Source information
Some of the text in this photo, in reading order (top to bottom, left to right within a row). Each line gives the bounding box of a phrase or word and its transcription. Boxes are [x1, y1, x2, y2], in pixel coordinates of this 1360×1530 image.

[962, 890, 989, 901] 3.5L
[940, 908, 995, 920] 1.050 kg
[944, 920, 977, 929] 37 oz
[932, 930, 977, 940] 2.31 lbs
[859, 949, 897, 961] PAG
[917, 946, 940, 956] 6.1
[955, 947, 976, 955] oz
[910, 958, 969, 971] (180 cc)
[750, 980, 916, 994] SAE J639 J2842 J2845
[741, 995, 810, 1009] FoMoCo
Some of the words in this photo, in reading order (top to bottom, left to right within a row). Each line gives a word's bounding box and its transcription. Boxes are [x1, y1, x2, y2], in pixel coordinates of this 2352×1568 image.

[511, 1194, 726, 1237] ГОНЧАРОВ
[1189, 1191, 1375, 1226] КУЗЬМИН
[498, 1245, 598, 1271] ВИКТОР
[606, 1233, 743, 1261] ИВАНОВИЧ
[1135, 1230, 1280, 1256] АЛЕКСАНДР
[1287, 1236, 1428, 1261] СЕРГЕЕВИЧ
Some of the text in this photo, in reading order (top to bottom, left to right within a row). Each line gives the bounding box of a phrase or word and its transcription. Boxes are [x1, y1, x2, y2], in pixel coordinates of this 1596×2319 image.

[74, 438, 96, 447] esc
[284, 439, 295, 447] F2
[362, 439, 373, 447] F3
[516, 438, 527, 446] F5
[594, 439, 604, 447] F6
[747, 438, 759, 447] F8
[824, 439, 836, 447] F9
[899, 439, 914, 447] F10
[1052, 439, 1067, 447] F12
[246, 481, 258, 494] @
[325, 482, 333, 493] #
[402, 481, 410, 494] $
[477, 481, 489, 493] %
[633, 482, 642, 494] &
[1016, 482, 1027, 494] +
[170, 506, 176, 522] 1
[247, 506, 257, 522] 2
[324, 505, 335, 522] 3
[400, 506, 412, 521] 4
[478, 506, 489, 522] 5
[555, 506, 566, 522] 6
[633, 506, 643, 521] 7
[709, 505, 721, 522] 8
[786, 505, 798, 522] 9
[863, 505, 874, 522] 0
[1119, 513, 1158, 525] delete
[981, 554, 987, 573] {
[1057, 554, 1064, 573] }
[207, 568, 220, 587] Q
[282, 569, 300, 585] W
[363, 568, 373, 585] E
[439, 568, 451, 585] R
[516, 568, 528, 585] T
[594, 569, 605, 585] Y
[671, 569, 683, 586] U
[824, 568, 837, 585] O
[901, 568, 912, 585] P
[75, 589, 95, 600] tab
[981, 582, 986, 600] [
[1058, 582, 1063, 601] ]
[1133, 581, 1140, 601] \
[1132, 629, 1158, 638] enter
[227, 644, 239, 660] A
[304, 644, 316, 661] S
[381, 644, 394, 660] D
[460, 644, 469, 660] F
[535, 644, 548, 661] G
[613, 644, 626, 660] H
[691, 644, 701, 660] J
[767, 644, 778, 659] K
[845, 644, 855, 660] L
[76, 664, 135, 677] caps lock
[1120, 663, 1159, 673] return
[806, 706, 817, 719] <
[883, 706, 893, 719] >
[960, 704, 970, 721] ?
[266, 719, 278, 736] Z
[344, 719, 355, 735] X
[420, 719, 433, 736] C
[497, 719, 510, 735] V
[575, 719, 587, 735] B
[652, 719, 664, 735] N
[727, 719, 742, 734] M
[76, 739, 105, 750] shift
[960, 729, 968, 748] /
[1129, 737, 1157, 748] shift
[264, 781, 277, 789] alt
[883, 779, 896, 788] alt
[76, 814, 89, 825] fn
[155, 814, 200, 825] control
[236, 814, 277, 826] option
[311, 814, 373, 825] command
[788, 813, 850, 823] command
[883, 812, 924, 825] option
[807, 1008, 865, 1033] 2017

Task prompt
The complete listing, from first line to last, should be copied verbatim.

Written response
Some of the text in this photo, in reading order (top to bottom, left to right within a row). Each line gives the bounding box of a phrase or word and its transcription. Boxes are [x1, y1, x2, y2], in pixel coordinates of this 1360×1530 image.

[962, 890, 989, 901] 3.5L
[940, 908, 995, 920] 1.050 kg
[944, 920, 977, 929] 37 oz
[932, 930, 977, 940] 2.31 lbs
[859, 949, 897, 961] PAG
[917, 946, 940, 956] 6.1
[955, 947, 976, 955] oz
[910, 958, 969, 971] (180 cc)
[750, 980, 916, 994] SAE J639 J2842 J2845
[741, 995, 810, 1009] FoMoCo
Some of the words in this photo, in reading order (top to bottom, left to right within a row). Each line gives a word's bounding box and its transcription. Boxes are [x1, y1, x2, y2], in pixel coordinates of this 2352×1568 image.

[511, 1194, 726, 1237] ГОНЧАРОВ
[1189, 1191, 1375, 1226] КУЗЬМИН
[498, 1245, 598, 1271] ВИКТОР
[606, 1233, 743, 1261] ИВАНОВИЧ
[1135, 1230, 1280, 1256] АЛЕКСАНДР
[1287, 1236, 1428, 1261] СЕРГЕЕВИЧ
Some of the text in this photo, in reading order (top to bottom, left to right within a row). Each line gives the bounding box of a phrase or word and its transcription. Boxes are [x1, y1, x2, y2], in pixel coordinates of this 1596×2319 image.

[74, 438, 96, 447] esc
[284, 439, 295, 447] F2
[362, 439, 373, 447] F3
[516, 438, 527, 446] F5
[594, 439, 604, 447] F6
[747, 438, 759, 447] F8
[824, 439, 836, 447] F9
[899, 439, 914, 447] F10
[1052, 439, 1067, 447] F12
[246, 481, 258, 494] @
[325, 482, 333, 493] #
[402, 481, 410, 494] $
[477, 481, 489, 493] %
[633, 482, 642, 494] &
[1016, 482, 1027, 494] +
[170, 506, 176, 522] 1
[247, 506, 257, 522] 2
[324, 505, 335, 522] 3
[400, 506, 412, 521] 4
[478, 506, 489, 522] 5
[555, 506, 566, 522] 6
[633, 506, 643, 521] 7
[709, 505, 721, 522] 8
[786, 505, 798, 522] 9
[863, 505, 874, 522] 0
[1119, 513, 1158, 525] delete
[981, 554, 987, 573] {
[1057, 554, 1064, 573] }
[207, 568, 220, 587] Q
[282, 569, 300, 585] W
[363, 568, 373, 585] E
[439, 568, 451, 585] R
[516, 568, 528, 585] T
[594, 569, 605, 585] Y
[671, 569, 683, 586] U
[824, 568, 837, 585] O
[901, 568, 912, 585] P
[75, 589, 95, 600] tab
[981, 582, 986, 600] [
[1058, 582, 1063, 601] ]
[1133, 581, 1140, 601] \
[1132, 629, 1158, 638] enter
[227, 644, 239, 660] A
[304, 644, 316, 661] S
[381, 644, 394, 660] D
[460, 644, 469, 660] F
[535, 644, 548, 661] G
[613, 644, 626, 660] H
[691, 644, 701, 660] J
[767, 644, 778, 659] K
[845, 644, 855, 660] L
[76, 664, 135, 677] caps lock
[1120, 663, 1159, 673] return
[806, 706, 817, 719] <
[883, 706, 893, 719] >
[960, 704, 970, 721] ?
[266, 719, 278, 736] Z
[344, 719, 355, 735] X
[420, 719, 433, 736] C
[497, 719, 510, 735] V
[575, 719, 587, 735] B
[652, 719, 664, 735] N
[727, 719, 742, 734] M
[76, 739, 105, 750] shift
[960, 729, 968, 748] /
[1129, 737, 1157, 748] shift
[264, 781, 277, 789] alt
[883, 779, 896, 788] alt
[76, 814, 89, 825] fn
[155, 814, 200, 825] control
[236, 814, 277, 826] option
[311, 814, 373, 825] command
[788, 813, 850, 823] command
[883, 812, 924, 825] option
[807, 1008, 865, 1033] 2017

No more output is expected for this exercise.